Pourtant, en y regardant de plus près, on découvrait des failles. Couverts de poussière, les uniformes étaient mal cousus. Le chapiteau monté de travers. L’orchestre jouait faux, chaque phrase musicale finissant dans un couinement de pet. Les cymbales n’étaient que des couvercles de bassine.

Le pire de tout, c’était la chaleur. Elle brûlait la moindre molécule de vie, la faisant grésiller comme un lardon au fond d’une poêle.

Erwan desserra sa cravate. Chemise soudée à la peau. Goût de terre dans la gorge. Taches mauves sous les paupières. Pour la première fois de sa vie, il redoutait de tomber dans les pommes.

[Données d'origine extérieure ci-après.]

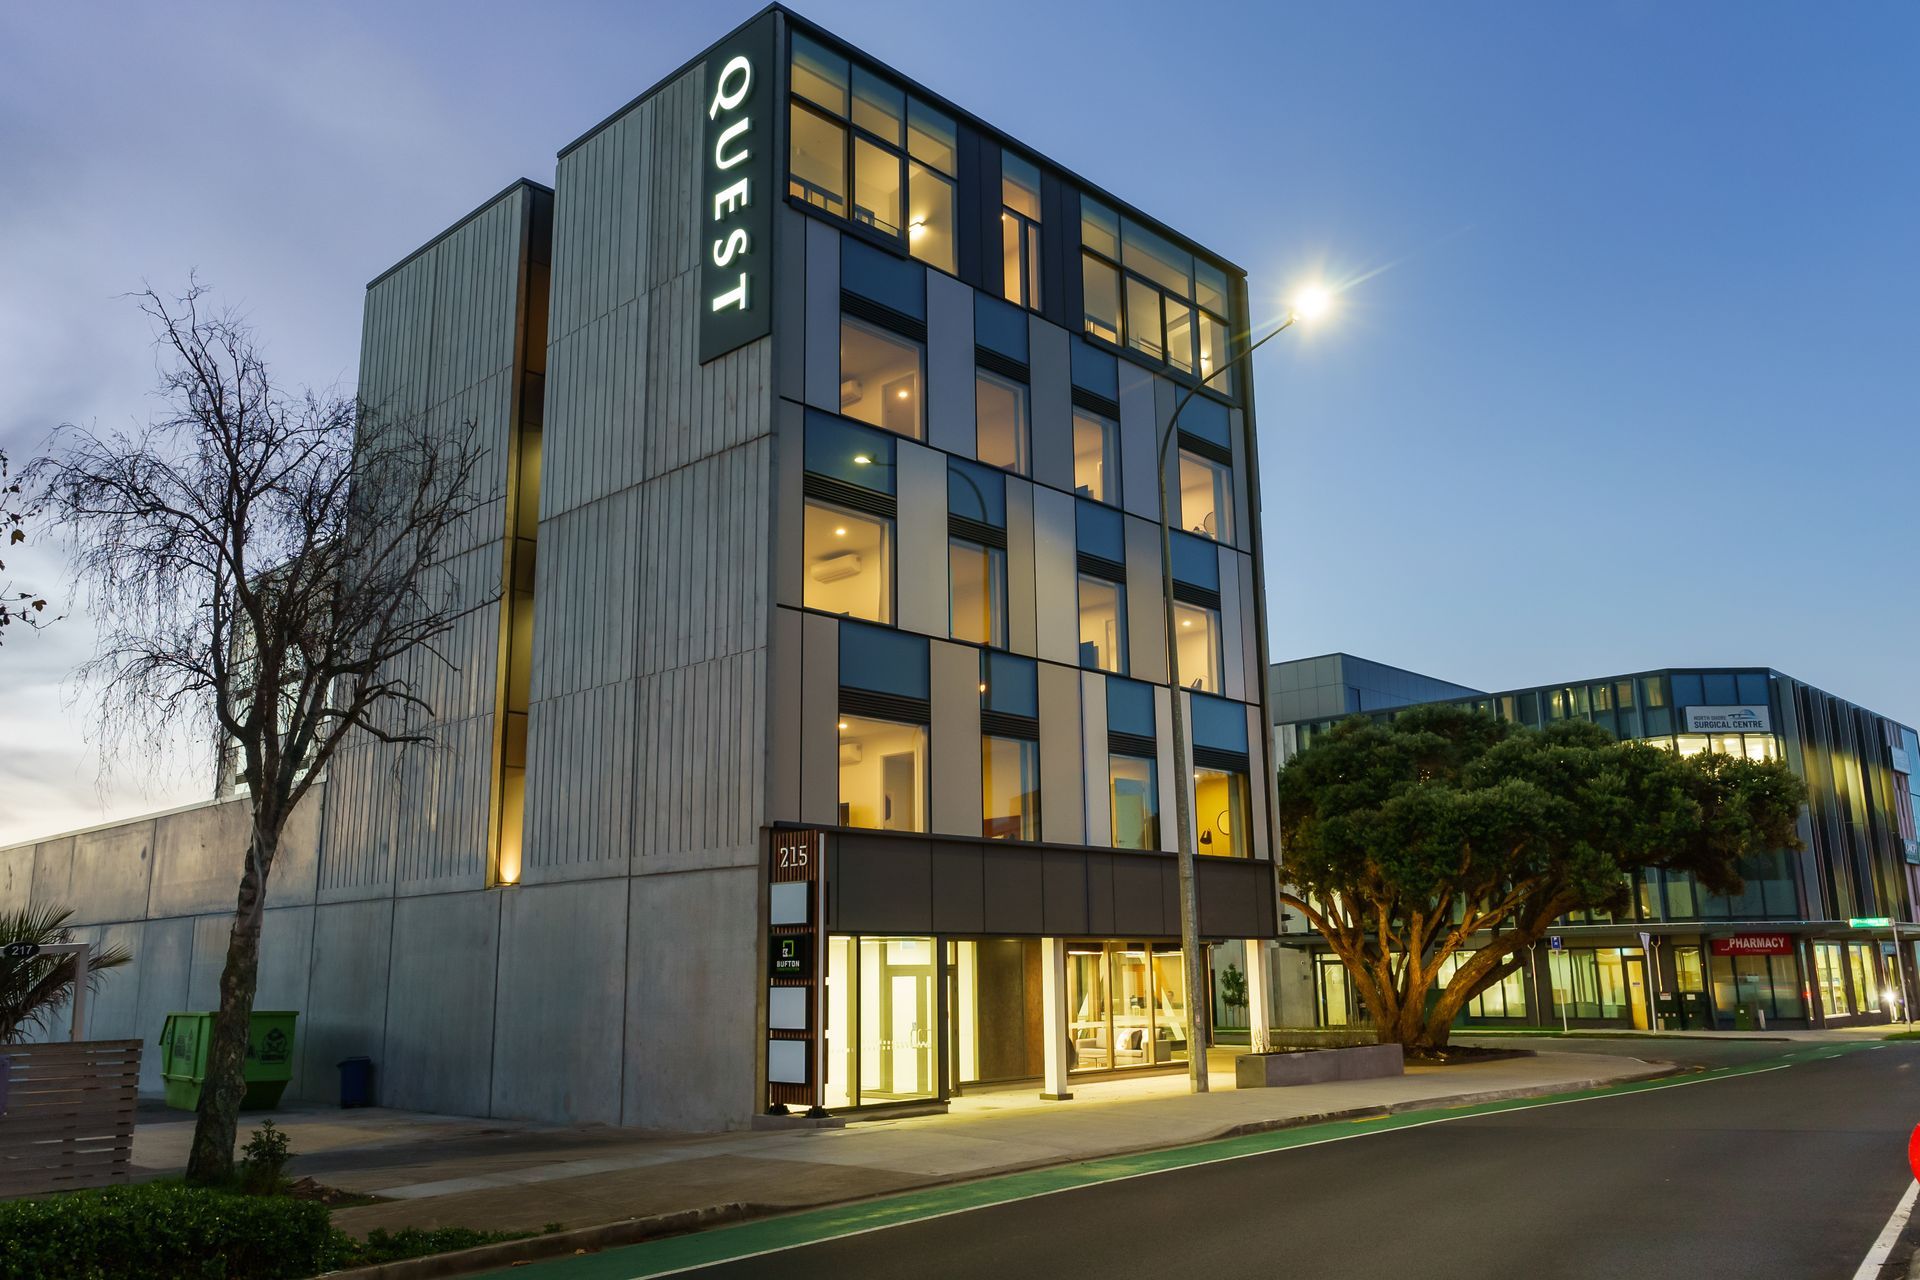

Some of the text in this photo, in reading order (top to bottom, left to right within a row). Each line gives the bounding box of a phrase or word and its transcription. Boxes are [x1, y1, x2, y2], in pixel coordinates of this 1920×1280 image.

À ses côtés, Grégoire, un mètre quatre-vingt-dix, cent vingt kilos, sanglé dans son costume sur mesure Ermenegildo Zegna, paraissait immunisé contre la fournaise. Sa couronne mortuaire sous le bras, il serrait des mains, décochait des sourires, retenait des larmes, jouait son numéro sans l’ombre d’un malaise.

Erwan l’observait en action : son père avait une tête de marin breton, rougie aux embruns et taillée au couteau à filets. Des traits de buffle et un nez grec. Une touffe de cheveux crépus et gris lui cernait le crâne comme une boule d’acier galvanisé. En réalité, Erwan lui ressemblait dans une version moins colossale — et moins féroce.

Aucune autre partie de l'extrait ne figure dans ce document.